I've recently been building a test framework for a bit of C# I've been working on. I have NUnit set up and a new project within my workspace to test the component. All works well if I load up my unit tests from Nunit (v2.4), but I've got to the point where it would be really useful to run in debug mode and set some break points.
I've tried the suggestions from several guides which all suggest changing the 'Debug' properties of the test project:
Start external program: C:\Program Files\NUnit 2.4.8\bin\nunit-console.exe
Command line arguments: /assembly: <full-path-to-solution>\TestDSP\bin\Debug\TestDSP.dll
I'm using the console version there, but have tried the calling the GUI as well. Both give me the same error when I try and start debugging:
Cannot start test project 'TestDSP' because the project does not contain any tests.

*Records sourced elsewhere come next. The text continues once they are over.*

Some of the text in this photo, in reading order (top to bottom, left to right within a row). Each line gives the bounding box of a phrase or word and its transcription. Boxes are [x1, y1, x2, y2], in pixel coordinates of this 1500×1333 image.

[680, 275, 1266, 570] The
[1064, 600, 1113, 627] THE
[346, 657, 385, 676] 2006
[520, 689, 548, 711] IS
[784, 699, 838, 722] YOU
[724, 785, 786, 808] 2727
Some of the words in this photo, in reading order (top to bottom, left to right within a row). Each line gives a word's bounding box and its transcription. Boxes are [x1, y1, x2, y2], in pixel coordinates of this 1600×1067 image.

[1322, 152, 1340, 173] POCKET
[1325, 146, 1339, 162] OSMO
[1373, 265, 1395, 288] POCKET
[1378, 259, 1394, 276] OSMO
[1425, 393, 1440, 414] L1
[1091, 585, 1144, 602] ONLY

Is this because I normally load \DSP.nunit into the Nunit GUI and that's where the tests are held?
I'm beginning to think the problem may be that VS wants to run it's own test framework and that's why it's failing to find the NUnit tests?

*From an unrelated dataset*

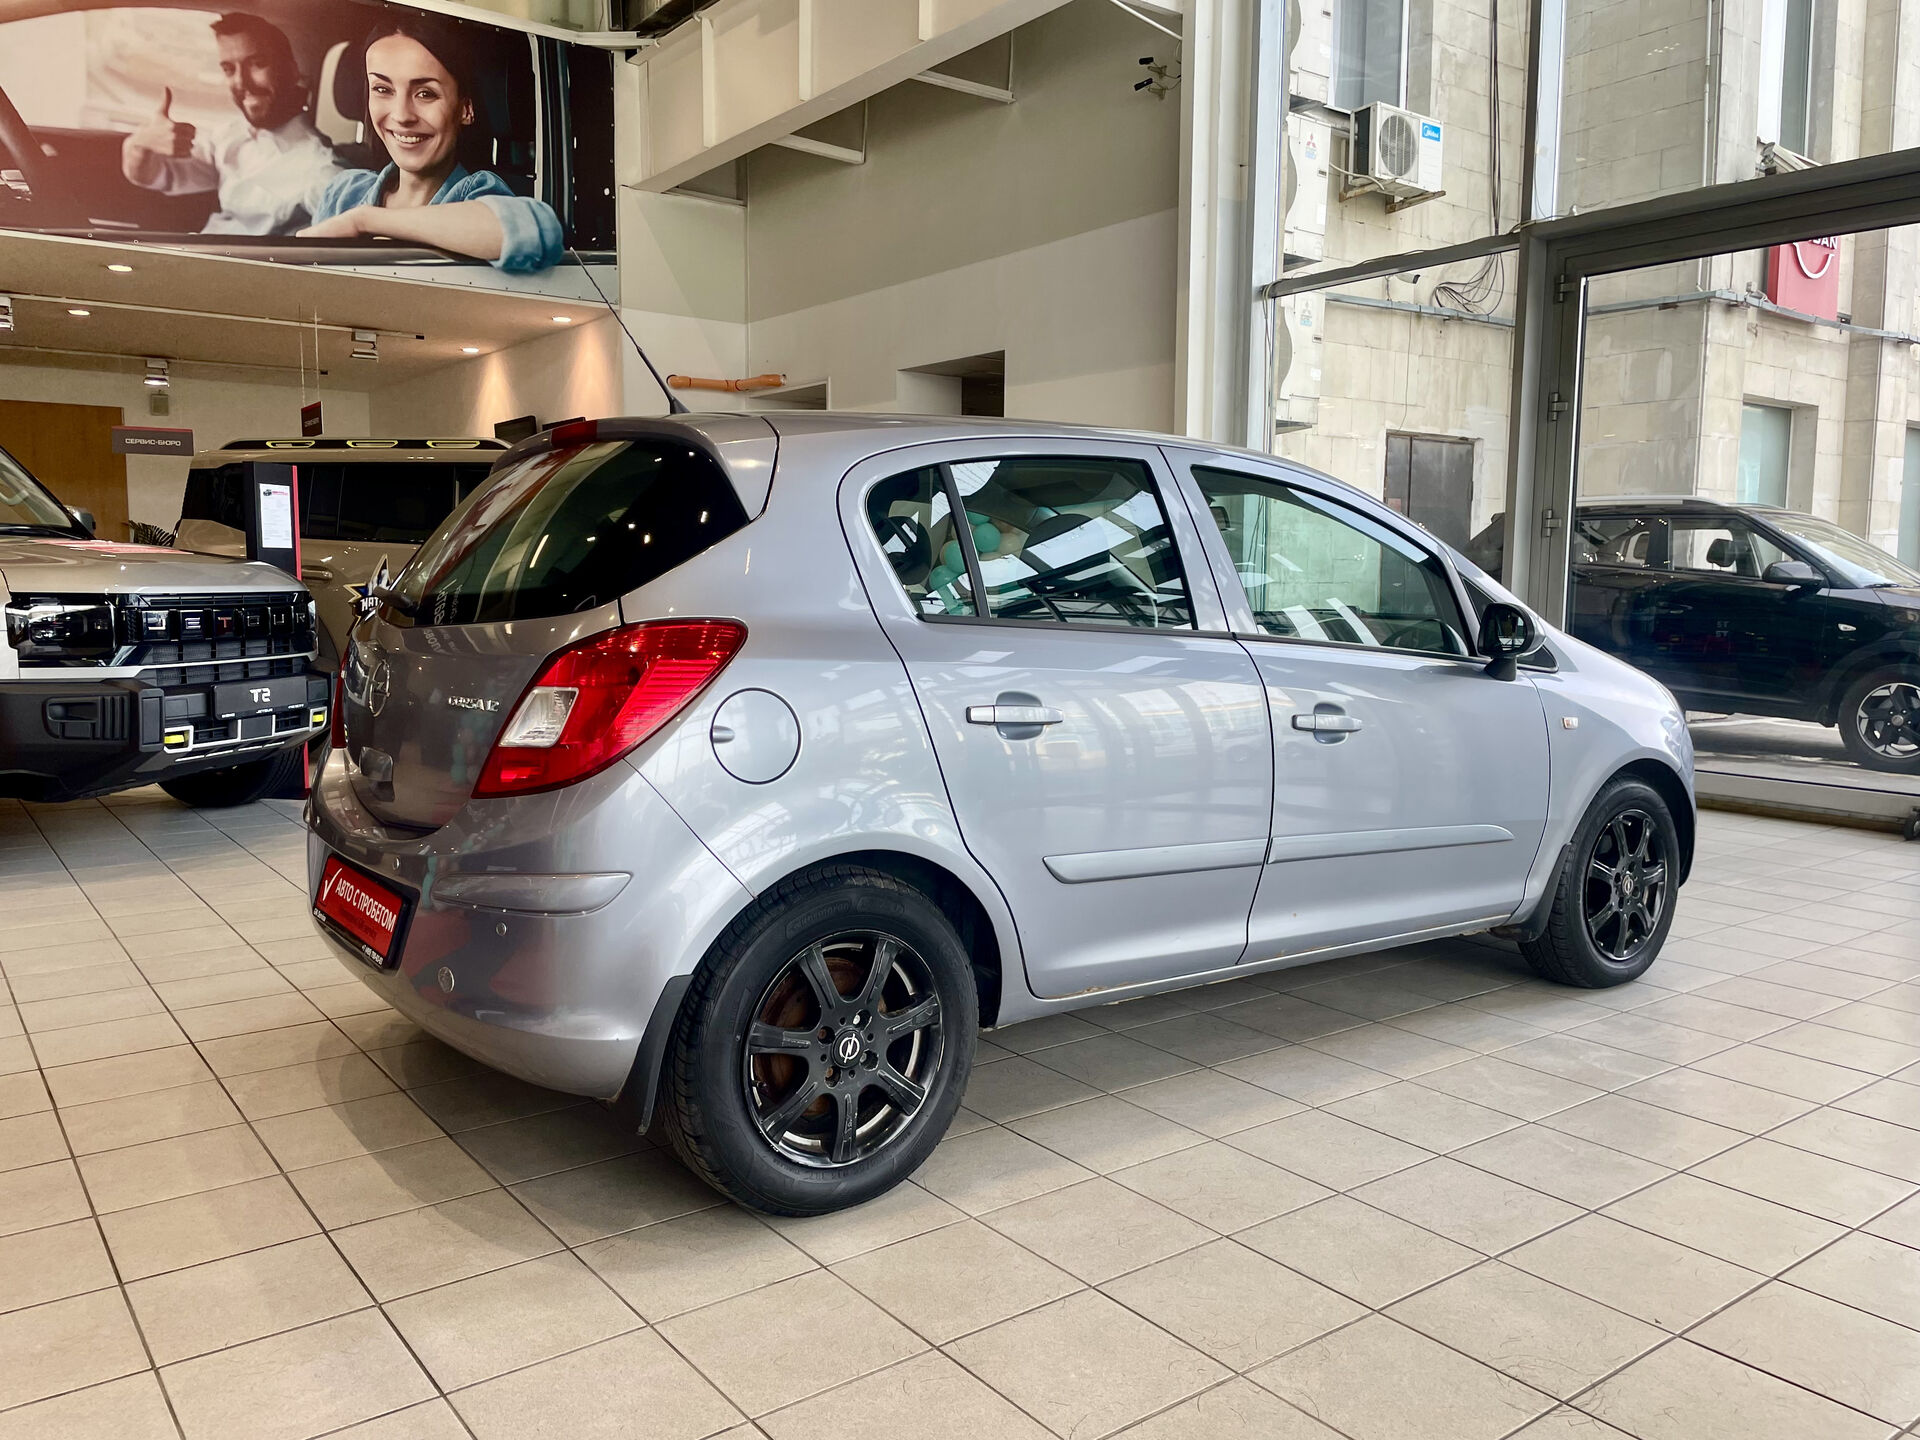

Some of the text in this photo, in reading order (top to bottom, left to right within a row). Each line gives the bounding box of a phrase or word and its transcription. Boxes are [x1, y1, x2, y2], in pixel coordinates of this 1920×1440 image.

[125, 438, 181, 446] СЕРВИС-БЮРО
[148, 613, 306, 631] JETOUR
[249, 687, 271, 703] T2
[335, 878, 397, 932] АВТО С ПРОБЕГОМ

Edit: To those asking about test fixtures, one of my .cs files in the TestDSP project looks roughly like this:
namespace Some.TestNamespace
{
// Testing framework includes
using NUnit.Framework;
[TestFixture]
public class FirFilterTest
{
[Test]
public void Test01_ConstructorTest()
{
...some tests...
}
}
}
...I'm pretty new to C# and the NUnit test framework so it's entirely possible I've missed some crucial bit of information ;-)
Final Solution: The big problem was the project I'd used. If you pick Other Languages -> Visual C# -> Test -> Test Project
...when you're choosing the project type, Visual Studio will try and use it's own testing framework as far as I can tell. You should pick a normal C# class library project instead and then the instructions in my selected answer will work.
When I need to debug my NUnit tests, I simply attach to the NUnit GUI application nunit-agent.exe
using "Debug|Attach to Process" and run the tests from the GUI. Any breakpoints in my tests (or the code they're testing) are hit. Am I misunderstanding your question, or will that work for you?